Dans un arrêt du 18 février 1976 (n° 74-13.480), la plus haute juridiction française a tranché : lorsque l'entrepreneur a presque fini sa mission, le maître d'ouvrage (le client) ne peut plus résilier unilatéralement le contrat sur le fondement de l'article 1794 du Code civil. Ce texte permet pourtant au client de rompre le marché à tout moment, mais à une condition : indemniser l'entrepreneur de ses pertes. Sauf que si les travaux sont quasi achevés, la résiliation est jugée abusive. Explications.
Cette décision, rendue il y a près de cinquante ans, reste une référence pour tous les litiges entre particuliers et artisans. Elle protège l'entrepreneur contre les revirements de dernière minute et oblige le maître d'ouvrage à assumer ses engagements. Que vous soyez à Cognin, à Chambéry ou ailleurs, comprendre cet arrêt vous évitera bien des déconvenues.
Les faits : une histoire comme il en arrive chaque jour
En 1972, un certain M. Robbez-Masson, propriétaire d'un immeuble, confie à la société Entreprise Générale de Constructions et de Travaux (EGCT) des travaux de rénovation, pour un prix forfaitaire. Le chantier démarre, les ouvriers s'activent. Mais à un moment donné — les documents ne précisent pas exactement pourquoi — le propriétaire se ravise. Il refuse de payer le solde et demande la résiliation du contrat.
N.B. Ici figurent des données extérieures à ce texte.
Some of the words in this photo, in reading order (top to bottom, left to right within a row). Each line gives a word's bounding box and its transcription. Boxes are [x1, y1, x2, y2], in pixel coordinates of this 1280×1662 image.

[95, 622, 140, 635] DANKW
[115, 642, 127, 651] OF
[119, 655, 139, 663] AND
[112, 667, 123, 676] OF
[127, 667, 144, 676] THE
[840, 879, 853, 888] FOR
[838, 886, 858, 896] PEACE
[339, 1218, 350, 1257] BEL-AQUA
L'entrepreneur, lui, estime avoir rempli sa part du contrat. Il saisit le tribunal pour obtenir le paiement de ce qui lui est dû. Le maître d'ouvrage réplique en invoquant l'article 1794 du Code civil, qui dispose : « Le maître peut résilier, par sa volonté seule, le marché à forfait, quoique l'ouvrage soit déjà commencé, en dédommageant l'entrepreneur de toutes ses dépenses, de tous ses travaux et de tout ce qu'il aurait pu gagner dans cette entreprise. » Autrement dit, le client peut toujours mettre fin au contrat, mais il doit payer intégralement ce que l'entrepreneur a déjà fait ET ce qu'il aurait gagné si le chantier était allé à son terme.
L'affaire arrive devant la cour d'appel de Chambéry. Les juges constatent, par un constat d'huissier du 10 février 1972, que les travaux sont « pratiquement achevés » au moment où le propriétaire dénonce le contrat. L'entrepreneur a exécuté ses engagements. La cour rejette donc la demande de résiliation et condamne Robbez-Masson à payer le solde.
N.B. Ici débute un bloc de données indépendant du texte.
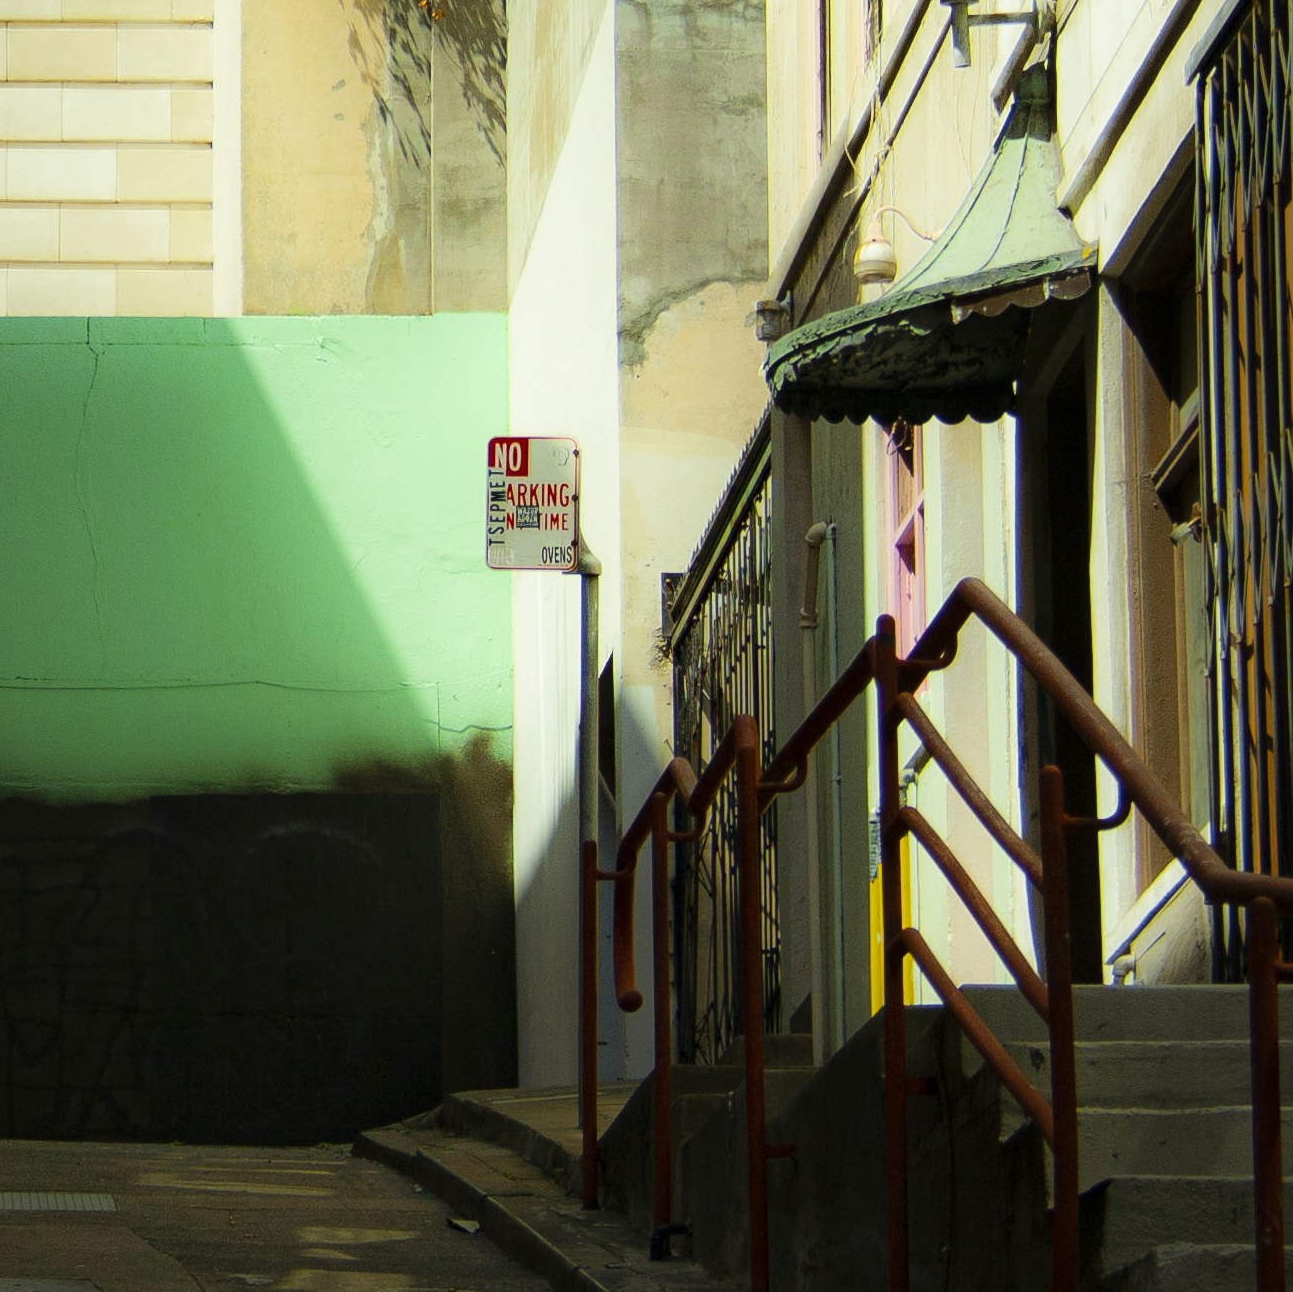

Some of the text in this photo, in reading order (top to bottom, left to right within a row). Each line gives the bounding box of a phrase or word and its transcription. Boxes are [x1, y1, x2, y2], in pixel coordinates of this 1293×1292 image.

[494, 442, 522, 472] NO
[506, 483, 570, 507] ARKING
[506, 512, 569, 531] NTIME
[541, 546, 573, 564] OVENS
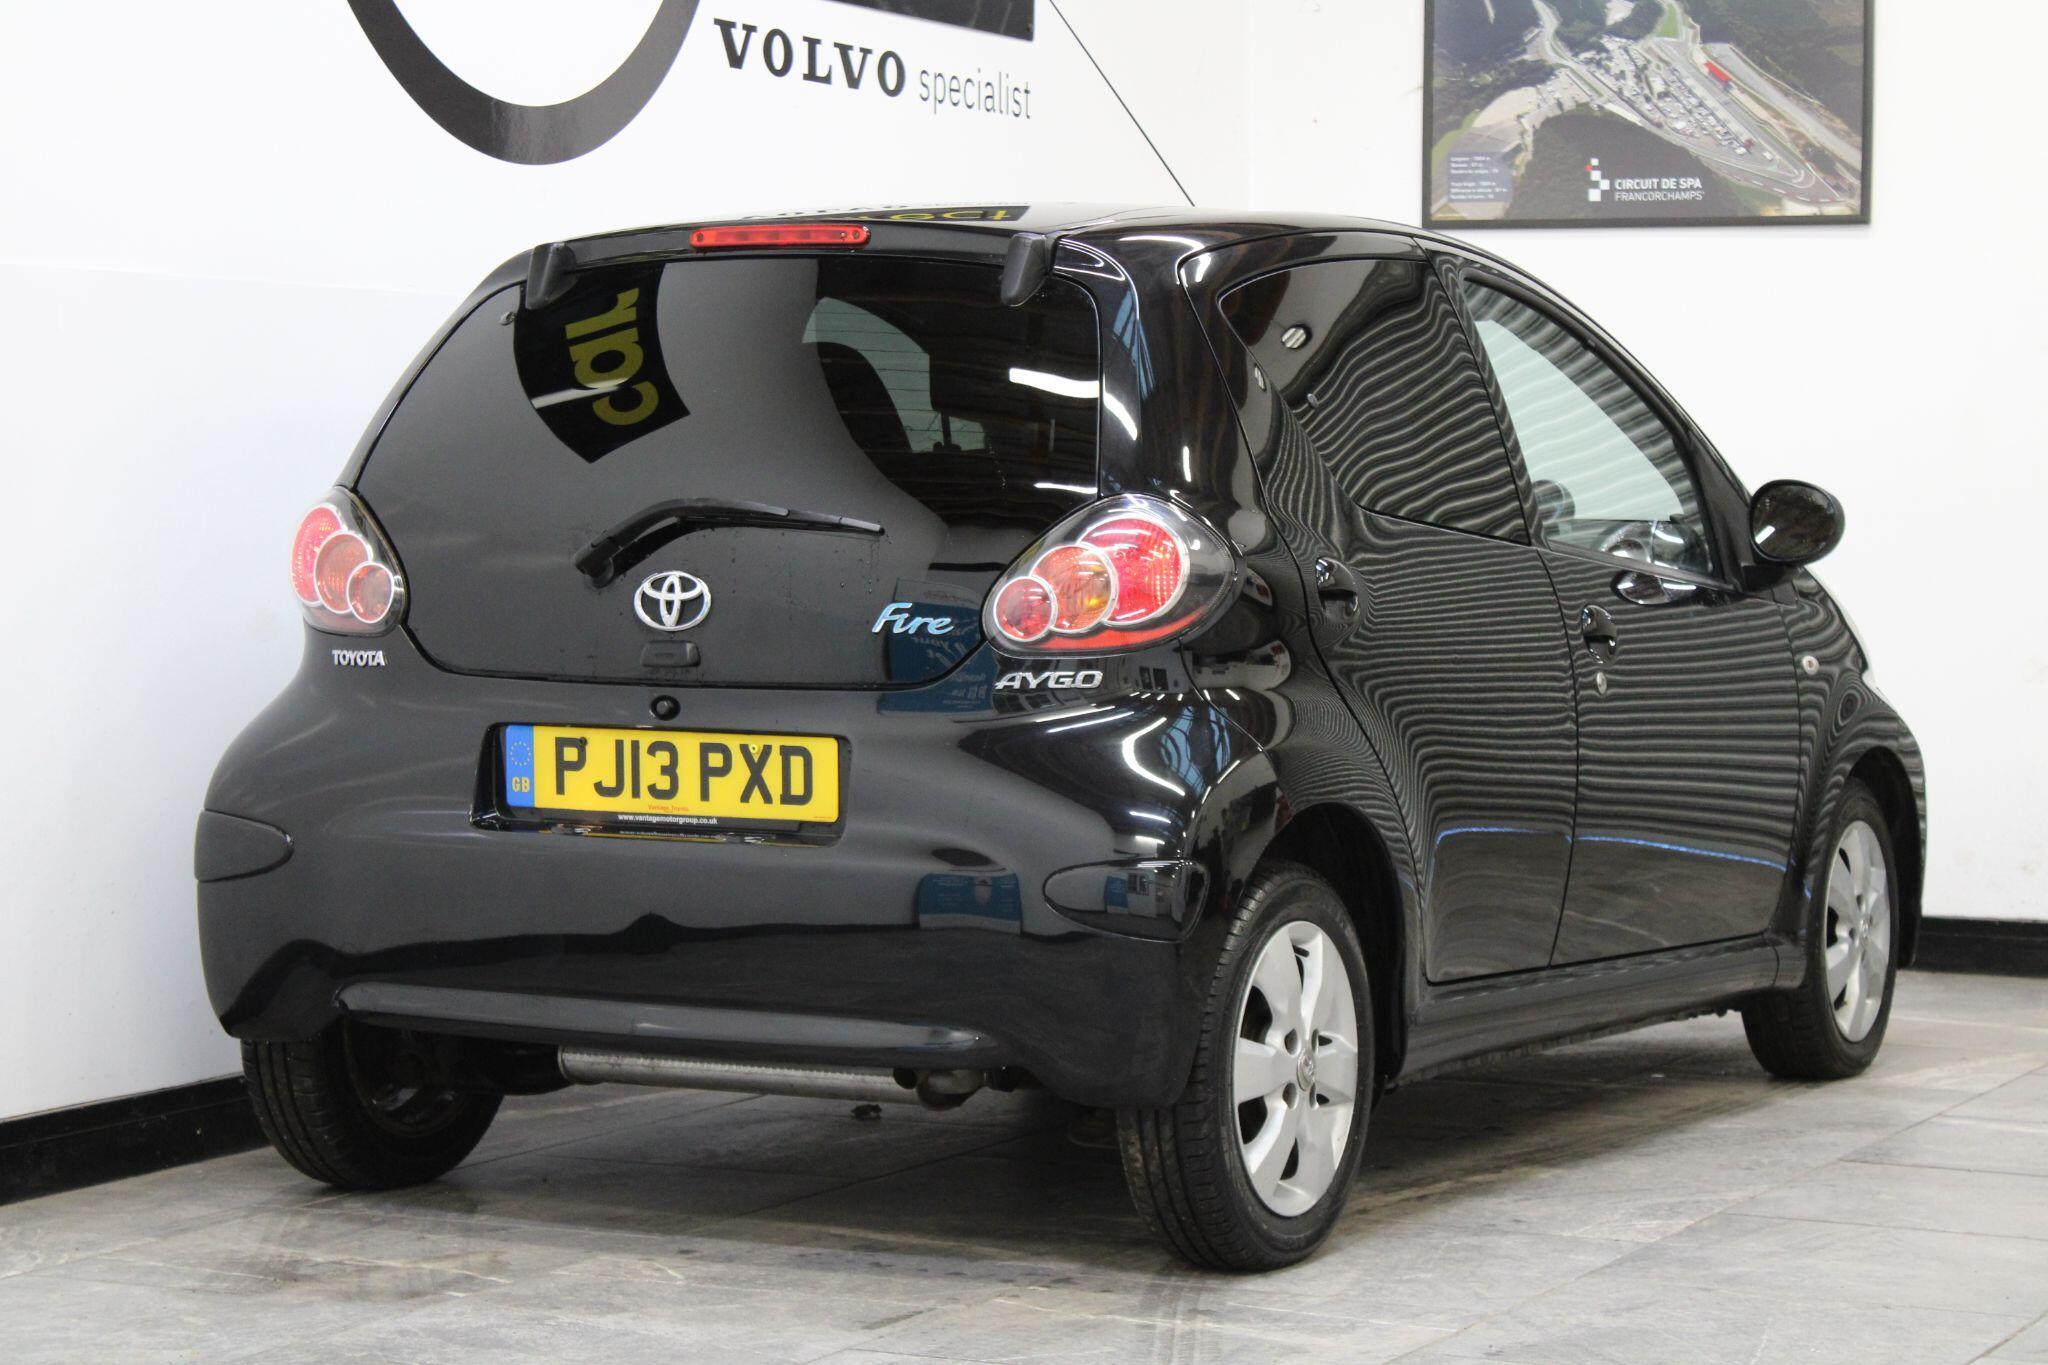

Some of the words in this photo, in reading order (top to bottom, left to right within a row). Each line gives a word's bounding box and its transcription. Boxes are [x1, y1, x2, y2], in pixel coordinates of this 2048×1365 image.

Ce dernier se pourvoit en cassation. Il soutient que l'article 1794 lui donne un droit absolu de résilier, quel que soit l'état d'avancement. Mais la Cour de cassation ne le suit pas : elle approuve la cour d'appel, estimant que la dénonciation tardive ne peut entraîner la résiliation. L'arrêt est confirmé.
Le raisonnement de la juridiction — décortiqué
Le cœur du débat porte sur l'interprétation de l'article 1794 du Code civil. Ce texte offre au maître d'ouvrage un droit de résiliation unilatérale (appelé « faculté de dédit ») : même si le chantier a commencé, il peut y mettre fin, à condition d'indemniser l'entrepreneur. Mais ce droit n'est pas absolu. Les juges ont estimé que lorsque les travaux sont « pratiquement achevés », l'abus de droit peut être invoqué.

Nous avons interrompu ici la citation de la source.